Nosso oponente aqui representam duas fés diferentes e mutuamente incompatíveis.

Jesus foi o Messias?

O rabino Dinesh, provavelmente não vai concordar nesse ponto.

Como Bertrand Roussel apontou há mais de 100 anos, mesmo que soubéssemos que uma religião era verdadeira, perfeitamente verdadeira, pela multiplicidade dos fiés, dada a sua incompatibilidade mútua, todos os crentes, deveriam esperar a danação eterna, simplesmente como questão de probabilidade.

Antes que eu me aprofunde na questão de verdades religiosas, eu quero ilustrar quão confusa a pessoa deve ser para argumentar que é razoável acreditar em Deus, porque a religião é útil, ou porque dá sentido a vida, ou porque faz as pessoas moralmente mais corretas do que seriam sem ela, como o rabino sugeriu, ou porque fazem essas pessoas mais felizes, enfim qualquer benefício que você possa imaginar da religião.

Imagine que você está andando na rua e encontre um velho amigo.

Ele parece extremamente feliz e você perguntas quais as novidades. E ele lhe diz que tudo mudou na vida dele, no dia em que percebeu que estava destinado a casar com Angelina Jolie.

Pode ocorrer a você perguntar o porque ele acredita nisso. Afinal Angelina Julie é uma das mais famosas e bela mulher do planeta, não por acaso ela é casada com Brad Pitt, e eles tem algo em torno de 27 filhos a essa altura.

E se o seu amigo, sentindo seu ceticismo, dissesse “você não entende, essa crença da sentido a minha vida. Eu sei que meu propósito de vida é ser marido de Angelina Jolie”.

Se seu amigo dissesse “essa crença me faz uma pessoa melhor, eu sou agora incrivelmente gentil com crianças”, antecipando que terá que criar os filhos de Angelina quando Brad for embora.
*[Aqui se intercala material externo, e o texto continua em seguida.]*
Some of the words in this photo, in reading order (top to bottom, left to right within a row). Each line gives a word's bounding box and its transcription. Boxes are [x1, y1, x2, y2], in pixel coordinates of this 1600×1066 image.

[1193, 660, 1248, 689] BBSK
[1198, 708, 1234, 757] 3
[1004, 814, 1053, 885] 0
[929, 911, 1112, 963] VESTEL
E se seu amigo dissesse “você pode acreditar no que quiser, mas eu não quero viver em um universo em que eu não me case com Angelina Jolie”.

Deve ser muito claro a esse ponto, que seu amigo perdeu o juízo. Ele é provavelmente uma pessoa perigosa e esse é precisamente o tipo de conversa que passa por conhecimento em círculos religiosos e pode tentar passar por conhecimento aqui.
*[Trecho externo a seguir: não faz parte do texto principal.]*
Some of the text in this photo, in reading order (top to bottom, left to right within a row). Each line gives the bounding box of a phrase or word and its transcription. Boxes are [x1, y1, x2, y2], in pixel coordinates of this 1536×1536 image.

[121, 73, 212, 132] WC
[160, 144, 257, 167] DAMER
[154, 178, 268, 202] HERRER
Certamente o argumento da moralidade é desse tipo.

Crenças não são como vestuário. Conforto, utilidade e beleza, não podem ser nossos critérios conscientes para adotá-la.

Para acreditar numa proposição, você tem que crer que há boas razões para acreditar. E o efeito que essa crença vai ter na sua vida não pode está entre essas razões.


E isso que é ter o julgamento turvado por um viés.

É por isso que temos expressões como “wyshfull thinking” e “self Deception”.

Acreditar que há um Deus e também acreditar que você tem tal relação com sua existência, que se ele não existisse você não acreditaria.

Como a suposta utilidade da religião se encaixaria nesse esquema?

Não se encaixa!



Reornemos à questão da verdade. É muito comum as pessoas dizerem que não há conflito entre religião e ciência, porque elas se relacionam com assuntos diferentes. E isso é uma mentira.

Religião e ciência ambas fazem afirmações sobre como o mundo é. E fazem afirmações incompatíveis sobre a realidade e elas fazem tais afirmações baseadas em padrões muito diferentes de evidências e maneira de argumentar.

Deveria se muito claro que há um conflito, um conflito perfeito entre exigir boas evidências para o que você acredita e estar satisfeito com uma evidência ruim, ou com nenhuma evidência.

Então religião e ciência conflitam porque não há como separar as verdades de ambas.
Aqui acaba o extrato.